Stored data entries
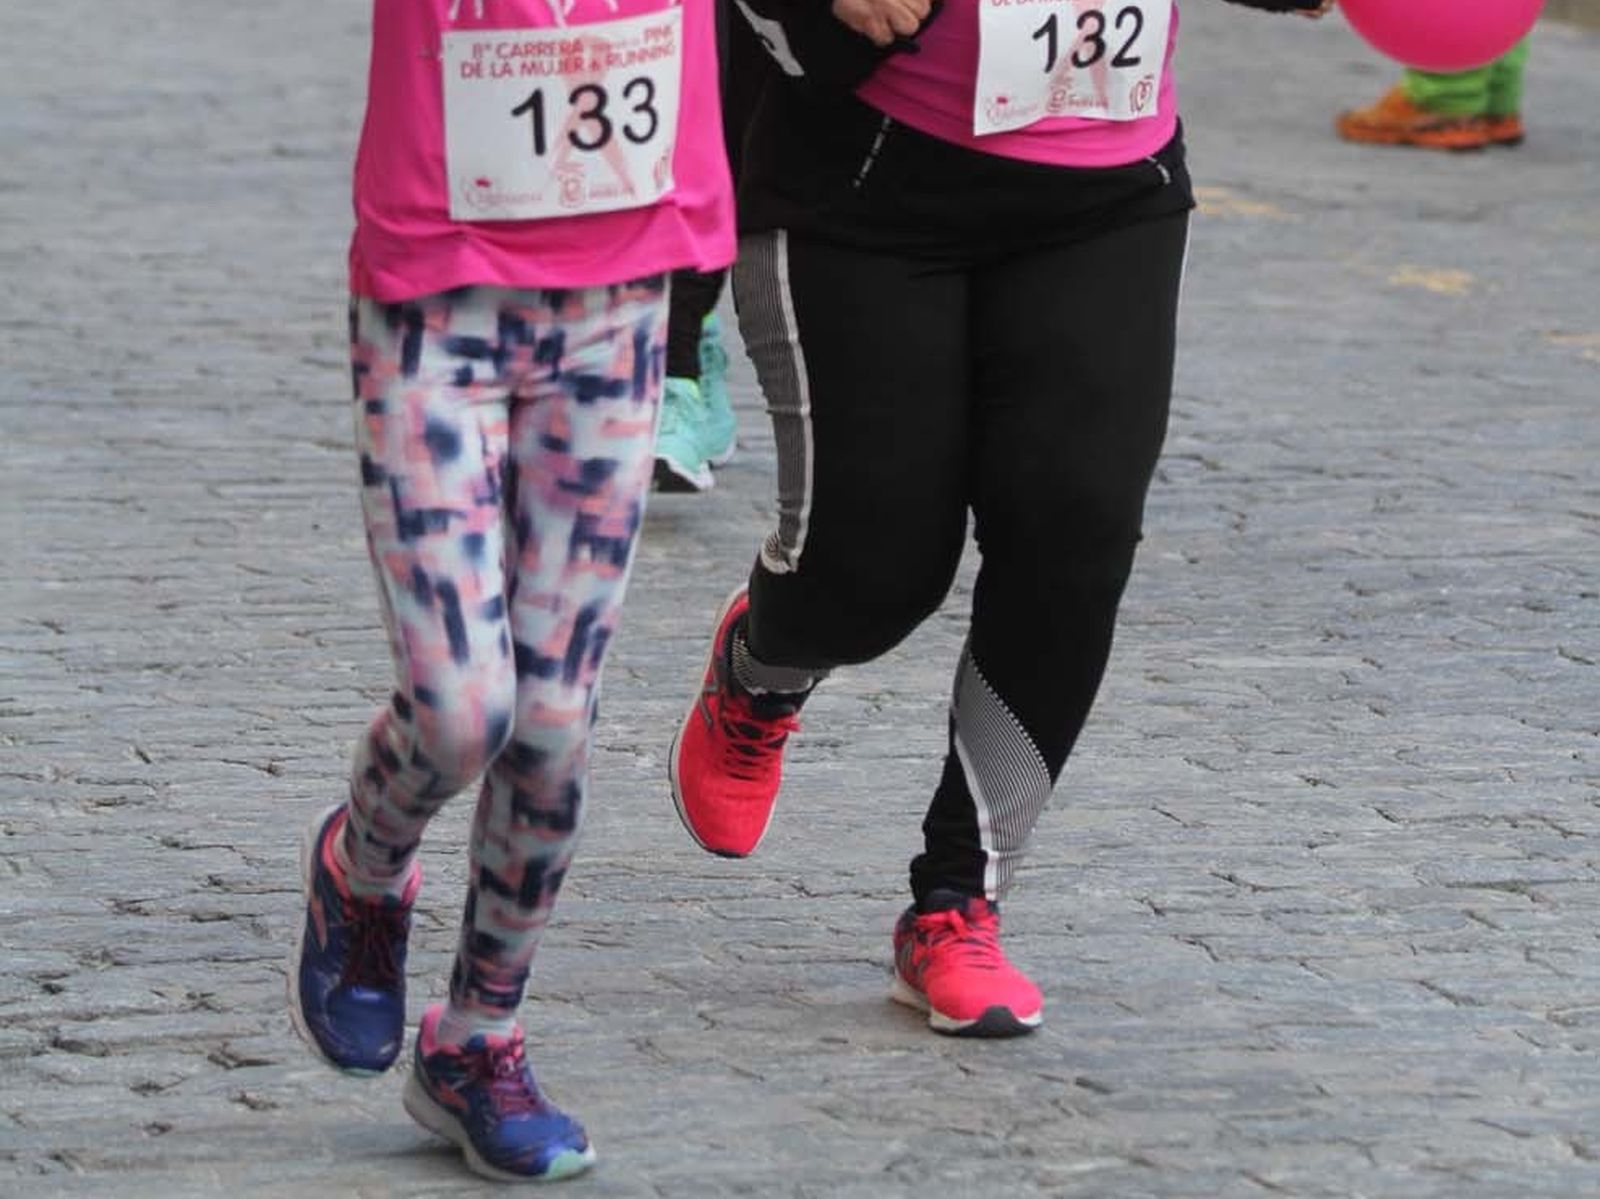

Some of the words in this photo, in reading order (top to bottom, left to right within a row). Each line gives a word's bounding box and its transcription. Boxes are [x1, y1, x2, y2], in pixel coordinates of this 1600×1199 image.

[461, 61, 483, 79] DE
[490, 61, 513, 78] LA
[519, 57, 584, 76] MUJER
[606, 43, 676, 68] RUNNING
[495, 39, 584, 59] CARRERA
[1032, 6, 1143, 73] 132
[511, 76, 658, 156] 133
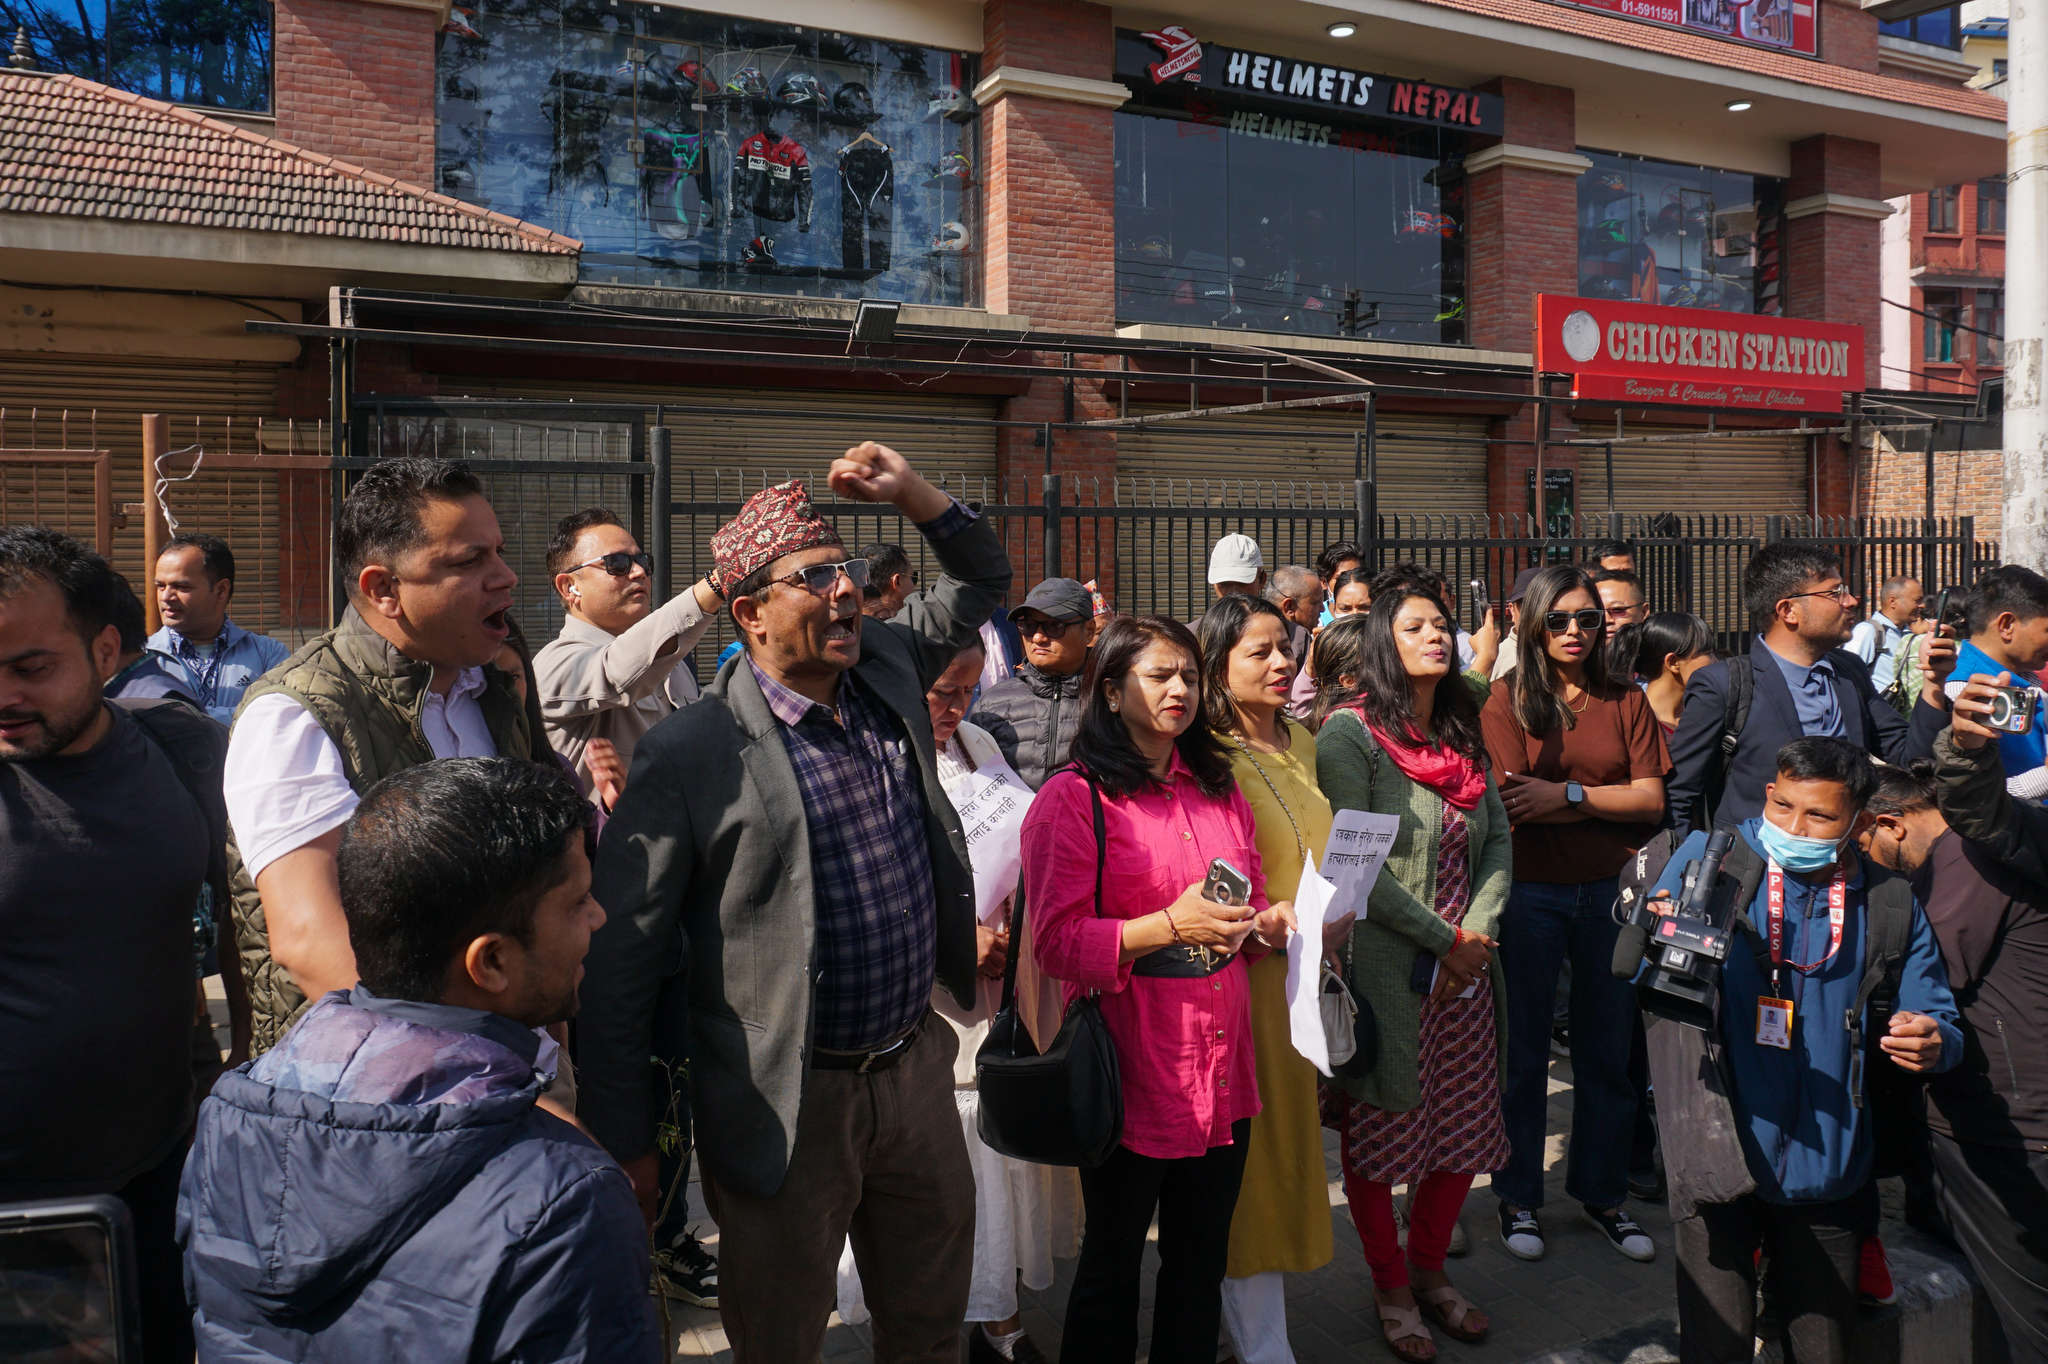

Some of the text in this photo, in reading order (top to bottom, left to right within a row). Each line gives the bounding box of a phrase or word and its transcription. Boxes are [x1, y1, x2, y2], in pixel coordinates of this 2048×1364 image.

[1621, 0, 1679, 22] 01-5911551
[1228, 51, 1483, 126] HELMETS NEPAL
[1229, 110, 1332, 148] HELMETS
[1607, 321, 1850, 377] CHICKEN STATION
[1624, 379, 1806, 406] Burger & Crunchy Fried Chicken
[1770, 874, 1781, 951] PRESS

— What the exercise asks —
No pictures belong in the copy. Repeat the entries exactly.

— Expected output —
Some of the words in this photo, in reading order (top to bottom, left to right within a row). Each line gives a word's bounding box and its transcription. Boxes are [x1, y1, x2, y2], in pixel coordinates of this 1600×1199 image.

[461, 61, 483, 79] DE
[490, 61, 513, 78] LA
[519, 57, 584, 76] MUJER
[606, 43, 676, 68] RUNNING
[495, 39, 584, 59] CARRERA
[1032, 6, 1143, 73] 132
[511, 76, 658, 156] 133

Some of the text in this photo, in reading order (top to bottom, left to right within a row). Each line gives the bounding box of a phrase or word and its transcription. Boxes are [x1, y1, x2, y2], in pixel coordinates of this 2048×1364 image.

[1621, 0, 1679, 22] 01-5911551
[1228, 51, 1483, 126] HELMETS NEPAL
[1229, 110, 1332, 148] HELMETS
[1607, 321, 1850, 377] CHICKEN STATION
[1624, 379, 1806, 406] Burger & Crunchy Fried Chicken
[1770, 874, 1781, 951] PRESS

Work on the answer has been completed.